All of the entries below must be copied out exactly.

*** Data provided ***

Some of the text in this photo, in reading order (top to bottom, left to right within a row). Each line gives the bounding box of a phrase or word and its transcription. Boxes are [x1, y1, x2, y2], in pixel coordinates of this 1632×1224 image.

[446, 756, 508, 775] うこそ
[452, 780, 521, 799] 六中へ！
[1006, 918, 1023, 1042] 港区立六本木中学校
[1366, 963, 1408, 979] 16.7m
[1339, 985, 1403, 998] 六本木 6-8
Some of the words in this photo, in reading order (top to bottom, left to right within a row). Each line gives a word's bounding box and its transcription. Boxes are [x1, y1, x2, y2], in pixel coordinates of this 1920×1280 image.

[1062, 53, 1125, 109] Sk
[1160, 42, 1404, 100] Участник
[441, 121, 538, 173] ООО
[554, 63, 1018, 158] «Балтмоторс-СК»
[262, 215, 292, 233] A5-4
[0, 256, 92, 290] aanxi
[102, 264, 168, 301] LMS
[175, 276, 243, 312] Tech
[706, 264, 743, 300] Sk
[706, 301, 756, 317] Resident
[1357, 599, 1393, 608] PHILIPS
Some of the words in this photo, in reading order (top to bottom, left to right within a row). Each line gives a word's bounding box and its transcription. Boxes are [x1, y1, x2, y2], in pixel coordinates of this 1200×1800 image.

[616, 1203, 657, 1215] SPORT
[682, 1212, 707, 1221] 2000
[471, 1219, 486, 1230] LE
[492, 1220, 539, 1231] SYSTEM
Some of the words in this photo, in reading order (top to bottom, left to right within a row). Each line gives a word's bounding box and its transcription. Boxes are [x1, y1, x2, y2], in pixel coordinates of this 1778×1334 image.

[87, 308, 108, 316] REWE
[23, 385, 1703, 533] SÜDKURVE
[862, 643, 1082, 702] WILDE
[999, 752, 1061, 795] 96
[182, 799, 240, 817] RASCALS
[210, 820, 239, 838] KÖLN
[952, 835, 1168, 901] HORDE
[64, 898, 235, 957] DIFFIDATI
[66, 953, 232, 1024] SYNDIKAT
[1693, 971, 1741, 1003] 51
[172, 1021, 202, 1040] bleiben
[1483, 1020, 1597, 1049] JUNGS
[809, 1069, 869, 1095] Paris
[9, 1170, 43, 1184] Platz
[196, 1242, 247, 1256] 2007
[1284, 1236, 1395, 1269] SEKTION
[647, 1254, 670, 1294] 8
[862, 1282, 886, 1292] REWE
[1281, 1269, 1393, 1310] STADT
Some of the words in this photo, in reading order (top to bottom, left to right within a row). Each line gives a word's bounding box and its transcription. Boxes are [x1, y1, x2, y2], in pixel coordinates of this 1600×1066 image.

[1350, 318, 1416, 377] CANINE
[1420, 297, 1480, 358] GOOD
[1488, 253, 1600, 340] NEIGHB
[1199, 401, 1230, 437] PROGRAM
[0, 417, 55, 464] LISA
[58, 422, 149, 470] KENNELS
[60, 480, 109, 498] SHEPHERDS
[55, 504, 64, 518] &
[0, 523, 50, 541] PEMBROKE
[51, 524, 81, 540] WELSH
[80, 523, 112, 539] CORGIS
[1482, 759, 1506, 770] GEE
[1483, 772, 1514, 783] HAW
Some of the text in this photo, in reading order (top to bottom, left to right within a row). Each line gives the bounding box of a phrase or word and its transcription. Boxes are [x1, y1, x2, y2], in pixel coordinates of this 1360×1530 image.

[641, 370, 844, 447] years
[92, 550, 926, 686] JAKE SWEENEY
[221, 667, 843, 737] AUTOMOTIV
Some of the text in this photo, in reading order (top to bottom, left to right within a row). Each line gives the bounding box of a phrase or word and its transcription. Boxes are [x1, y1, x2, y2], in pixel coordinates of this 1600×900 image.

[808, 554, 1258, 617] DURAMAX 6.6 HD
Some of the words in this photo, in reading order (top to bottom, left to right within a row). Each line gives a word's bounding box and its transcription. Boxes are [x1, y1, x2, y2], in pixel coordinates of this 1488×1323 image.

*** End of Data provided ***

Exercise result »
Some of the text in this photo, in reading order (top to bottom, left to right within a row). Each line gives the bounding box of a phrase or word and its transcription. Boxes are [x1, y1, x2, y2], in pixel coordinates of this 1632×1224 image.

[446, 756, 508, 775] うこそ
[452, 780, 521, 799] 六中へ！
[1006, 918, 1023, 1042] 港区立六本木中学校
[1366, 963, 1408, 979] 16.7m
[1339, 985, 1403, 998] 六本木 6-8
Some of the words in this photo, in reading order (top to bottom, left to right within a row). Each line gives a word's bounding box and its transcription. Boxes are [x1, y1, x2, y2], in pixel coordinates of this 1920×1280 image.

[1062, 53, 1125, 109] Sk
[1160, 42, 1404, 100] Участник
[441, 121, 538, 173] ООО
[554, 63, 1018, 158] «Балтмоторс-СК»
[262, 215, 292, 233] A5-4
[0, 256, 92, 290] aanxi
[102, 264, 168, 301] LMS
[175, 276, 243, 312] Tech
[706, 264, 743, 300] Sk
[706, 301, 756, 317] Resident
[1357, 599, 1393, 608] PHILIPS
Some of the words in this photo, in reading order (top to bottom, left to right within a row). Each line gives a word's bounding box and its transcription. Boxes are [x1, y1, x2, y2], in pixel coordinates of this 1200×1800 image.

[616, 1203, 657, 1215] SPORT
[682, 1212, 707, 1221] 2000
[471, 1219, 486, 1230] LE
[492, 1220, 539, 1231] SYSTEM
Some of the words in this photo, in reading order (top to bottom, left to right within a row). Each line gives a word's bounding box and its transcription. Boxes are [x1, y1, x2, y2], in pixel coordinates of this 1778×1334 image.

[87, 308, 108, 316] REWE
[23, 385, 1703, 533] SÜDKURVE
[862, 643, 1082, 702] WILDE
[999, 752, 1061, 795] 96
[182, 799, 240, 817] RASCALS
[210, 820, 239, 838] KÖLN
[952, 835, 1168, 901] HORDE
[64, 898, 235, 957] DIFFIDATI
[66, 953, 232, 1024] SYNDIKAT
[1693, 971, 1741, 1003] 51
[172, 1021, 202, 1040] bleiben
[1483, 1020, 1597, 1049] JUNGS
[809, 1069, 869, 1095] Paris
[9, 1170, 43, 1184] Platz
[196, 1242, 247, 1256] 2007
[1284, 1236, 1395, 1269] SEKTION
[647, 1254, 670, 1294] 8
[862, 1282, 886, 1292] REWE
[1281, 1269, 1393, 1310] STADT
Some of the words in this photo, in reading order (top to bottom, left to right within a row). Each line gives a word's bounding box and its transcription. Boxes are [x1, y1, x2, y2], in pixel coordinates of this 1600×1066 image.

[1350, 318, 1416, 377] CANINE
[1420, 297, 1480, 358] GOOD
[1488, 253, 1600, 340] NEIGHB
[1199, 401, 1230, 437] PROGRAM
[0, 417, 55, 464] LISA
[58, 422, 149, 470] KENNELS
[60, 480, 109, 498] SHEPHERDS
[55, 504, 64, 518] &
[0, 523, 50, 541] PEMBROKE
[51, 524, 81, 540] WELSH
[80, 523, 112, 539] CORGIS
[1482, 759, 1506, 770] GEE
[1483, 772, 1514, 783] HAW
Some of the text in this photo, in reading order (top to bottom, left to right within a row). Each line gives the bounding box of a phrase or word and its transcription. Boxes are [x1, y1, x2, y2], in pixel coordinates of this 1360×1530 image.

[641, 370, 844, 447] years
[92, 550, 926, 686] JAKE SWEENEY
[221, 667, 843, 737] AUTOMOTIV
Some of the text in this photo, in reading order (top to bottom, left to right within a row). Each line gives the bounding box of a phrase or word and its transcription. Boxes are [x1, y1, x2, y2], in pixel coordinates of this 1600×900 image.

[808, 554, 1258, 617] DURAMAX 6.6 HD
Some of the words in this photo, in reading order (top to bottom, left to right within a row). Each line gives a word's bounding box and its transcription. Boxes are [x1, y1, x2, y2], in pixel coordinates of this 1488×1323 image.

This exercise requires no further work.